Kapitel 18

Dragosia - Die Macht der Elemente
Ein Fortsetzungroman von Rita Solis

Es war Nacht, und der Mond schien hell durch das Fenster. Es würde bald einen Sturm geben, das bemerkte der Hüter des Wassers gleich an den schweren, grauen Wolken und dem leichten Donnergrollen aus weiter Ferne.
Neró kletterte müde den Baumstamm hinauf, öffnete die Tür zu seinem Wohngemach und ließ sich in sein Bett fallen. Der Tag war wirklich anstrengend gewesen.
Nachdem sie Enya hinter sich gelassen hatten, hatten sie den ganzen Tag trainiert. Drago hatte ihn immer wieder aus schmalen Augenschlitzen betrachtet, ganz gleich, ob er sein Geschick bewies oder kläglich versagte. Neró hatte kein gutes Gefühl, so viel stand fest.
Trotz seiner Müdigkeit übermannte ihn nicht der Schlaf. Er musste immerzu an Enya denken. Sein Herz schlug schneller, als er sich an ihr Auseinandergehen erinnerte. Wut überkam ihn. Die Hüterin des Feuers war allem Anschein nach allmächtig. Warum also hatte sie nichts unternommen?
Doch ihn überkam auch die Angst. Wie sollte sie ohne Hilfe überleben?

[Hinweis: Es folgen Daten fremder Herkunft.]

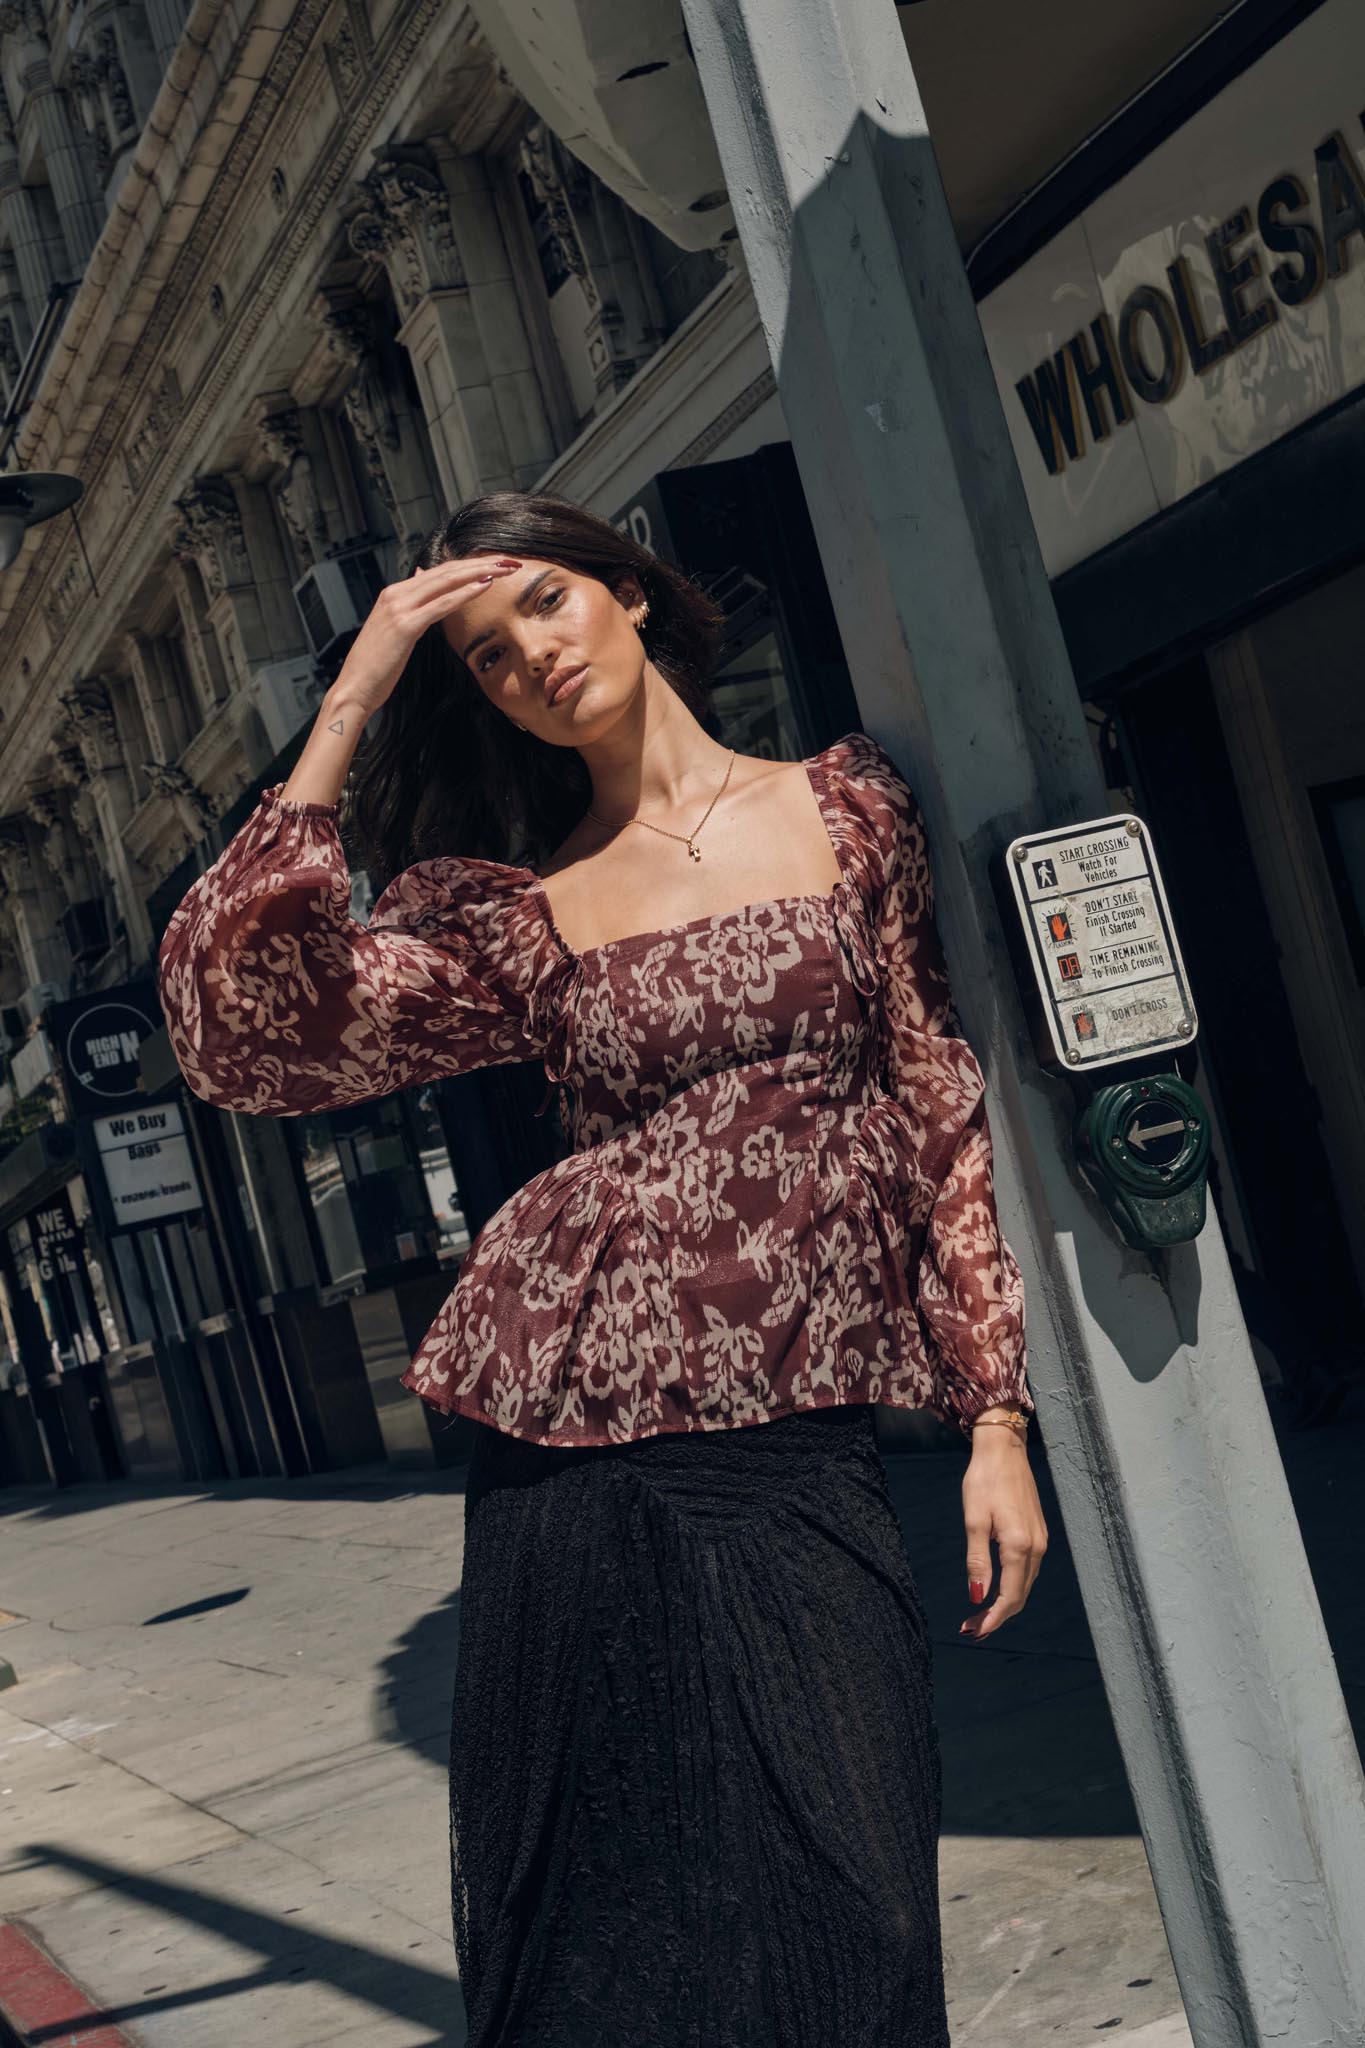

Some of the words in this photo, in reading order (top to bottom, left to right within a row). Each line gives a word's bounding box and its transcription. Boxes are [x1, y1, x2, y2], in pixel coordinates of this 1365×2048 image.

[1014, 110, 1365, 476] WHOLESA
[1059, 846, 1085, 862] START
[1086, 836, 1129, 856] CROSSING
[1078, 858, 1102, 873] Watch
[1104, 855, 1118, 867] For
[1084, 868, 1118, 883] Vehicles
[1085, 896, 1110, 913] DON'T
[1112, 891, 1138, 904] START
[1085, 913, 1110, 928] Finish
[1111, 906, 1146, 922] Crossing
[1099, 925, 1107, 937] If
[1108, 919, 1137, 935] Started
[1089, 951, 1111, 966] TIME
[1112, 940, 1160, 961] REMAINING
[1092, 968, 1103, 979] To
[1104, 961, 1129, 977] Finish
[1131, 954, 1165, 970] Crossing
[1111, 1003, 1138, 1021] DON'T
[1140, 997, 1168, 1014] CROSS
[85, 1033, 121, 1056] HIGH
[92, 1050, 121, 1070] END
[109, 1119, 136, 1137] We
[137, 1112, 167, 1131] Buy
[127, 1142, 162, 1160] Bags
[36, 1207, 67, 1235] WE

Er schaute zu Jordans Bett, in dem der Junge tief und fest schlief. Er nahm sich an ihm ein Beispiel und zwang sich, ruhig zu bleiben und einzuschlafen.

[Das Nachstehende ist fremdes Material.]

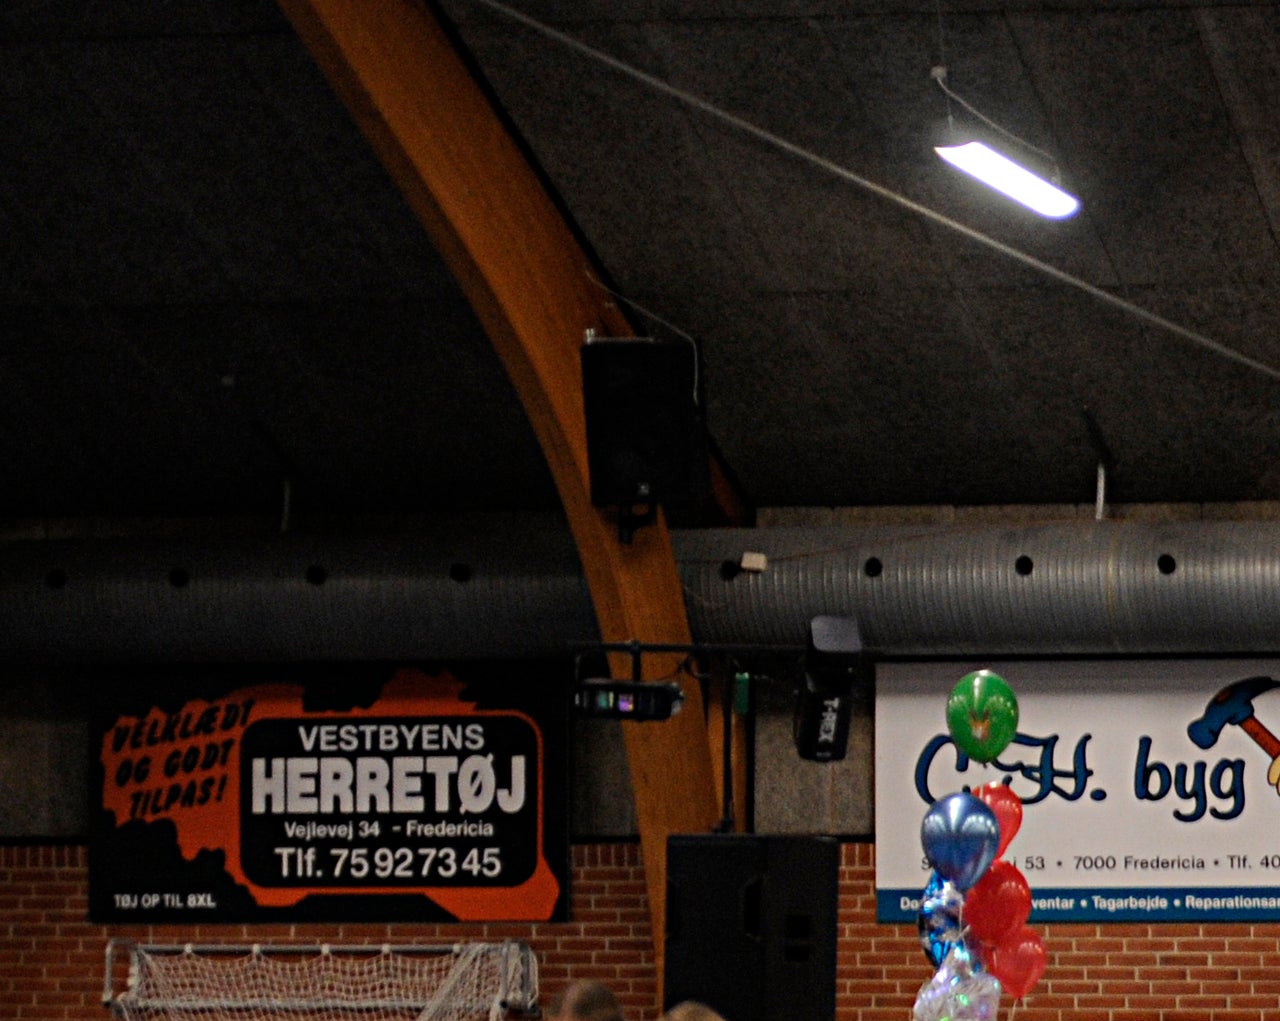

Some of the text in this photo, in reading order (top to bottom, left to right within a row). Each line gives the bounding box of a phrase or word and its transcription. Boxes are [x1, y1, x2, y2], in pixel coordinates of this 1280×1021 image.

Auf einmal näherten sich leise, kaum hörbare Schritte. Neró schreckte auf. Ein Schatten blieb vor seinem Bett stehen.
Das Licht ging an. Jordan nörgelte im Schlaf, wachte jedoch nicht auf.
„Neró, du kommst mit mir.“ Dragos Stimme war gefährlich ruhig.
Neró öffnete die leuchtend blauen Augen und fragte sich, wie die massige Gestalt des Drachen in das Baumhaus passen sollte, doch an der Bettkante stand ein sportlicher, sonnengebräunter Mann. Nur die kalten Augen verrieten, dass es dennoch Drago war.
„Schon gut.“ Neró wusste, dass es aussichtslos war, zu widersprechen, und mühte sich aus dem Bett.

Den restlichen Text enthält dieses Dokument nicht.